Please transcribe the listing below in full, exactly as written, leaving out its pictures.

#### SUPPLIED DATA

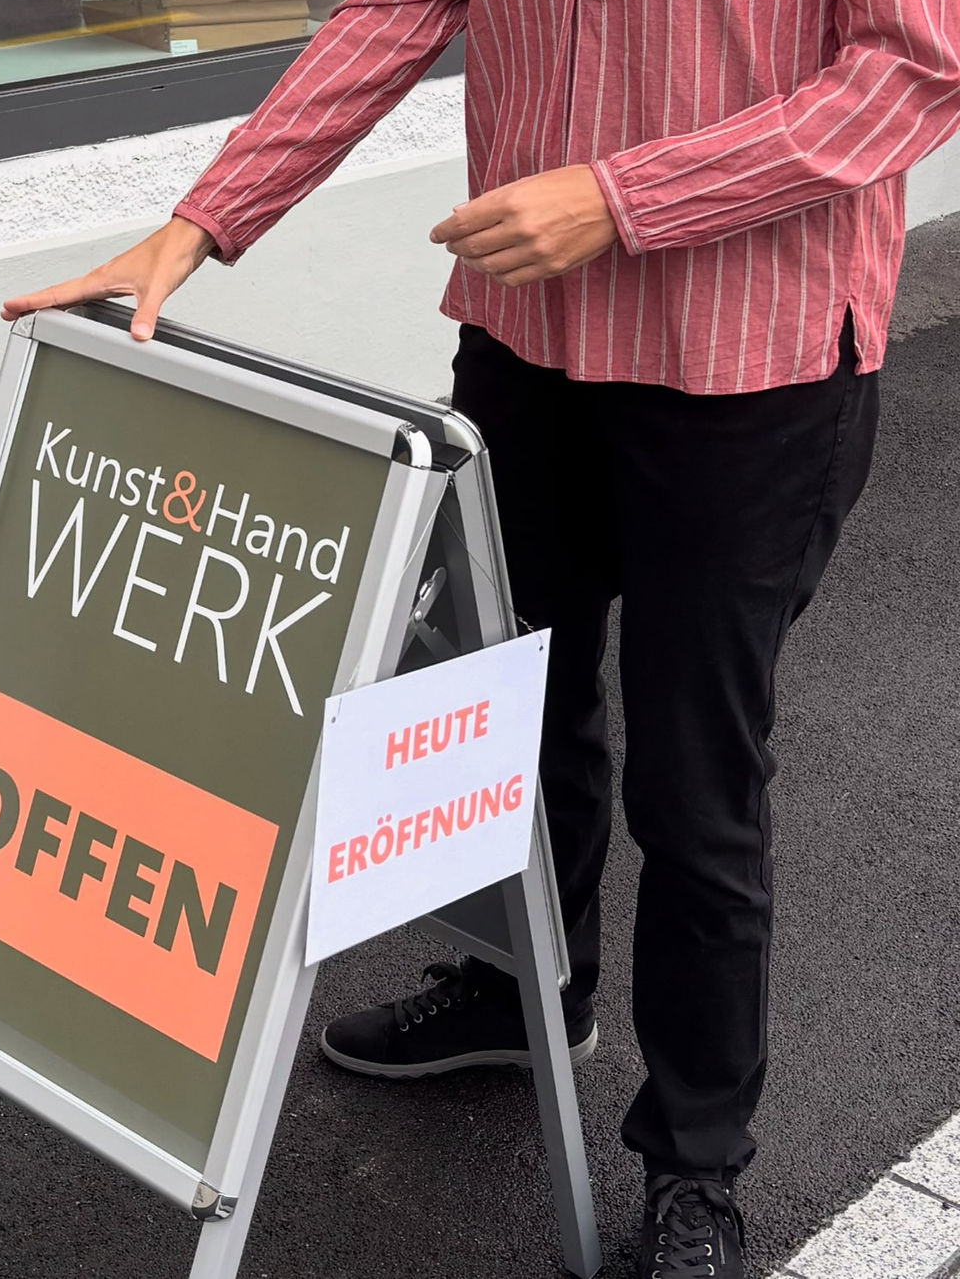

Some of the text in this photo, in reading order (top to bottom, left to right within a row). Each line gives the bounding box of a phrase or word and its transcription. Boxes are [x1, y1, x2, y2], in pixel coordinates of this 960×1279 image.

[34, 421, 351, 584] Kunst&Hand
[26, 478, 332, 717] WERK
[384, 700, 491, 770] HEUTE
[327, 774, 524, 884] ERÖFFNUNG

########

* SOLUTION TO THIS EXERCISE *
Some of the text in this photo, in reading order (top to bottom, left to right within a row). Each line gives the bounding box of a phrase or word and its transcription. Boxes are [x1, y1, x2, y2], in pixel coordinates of this 960×1279 image.

[34, 421, 351, 584] Kunst&Hand
[26, 478, 332, 717] WERK
[384, 700, 491, 770] HEUTE
[327, 774, 524, 884] ERÖFFNUNG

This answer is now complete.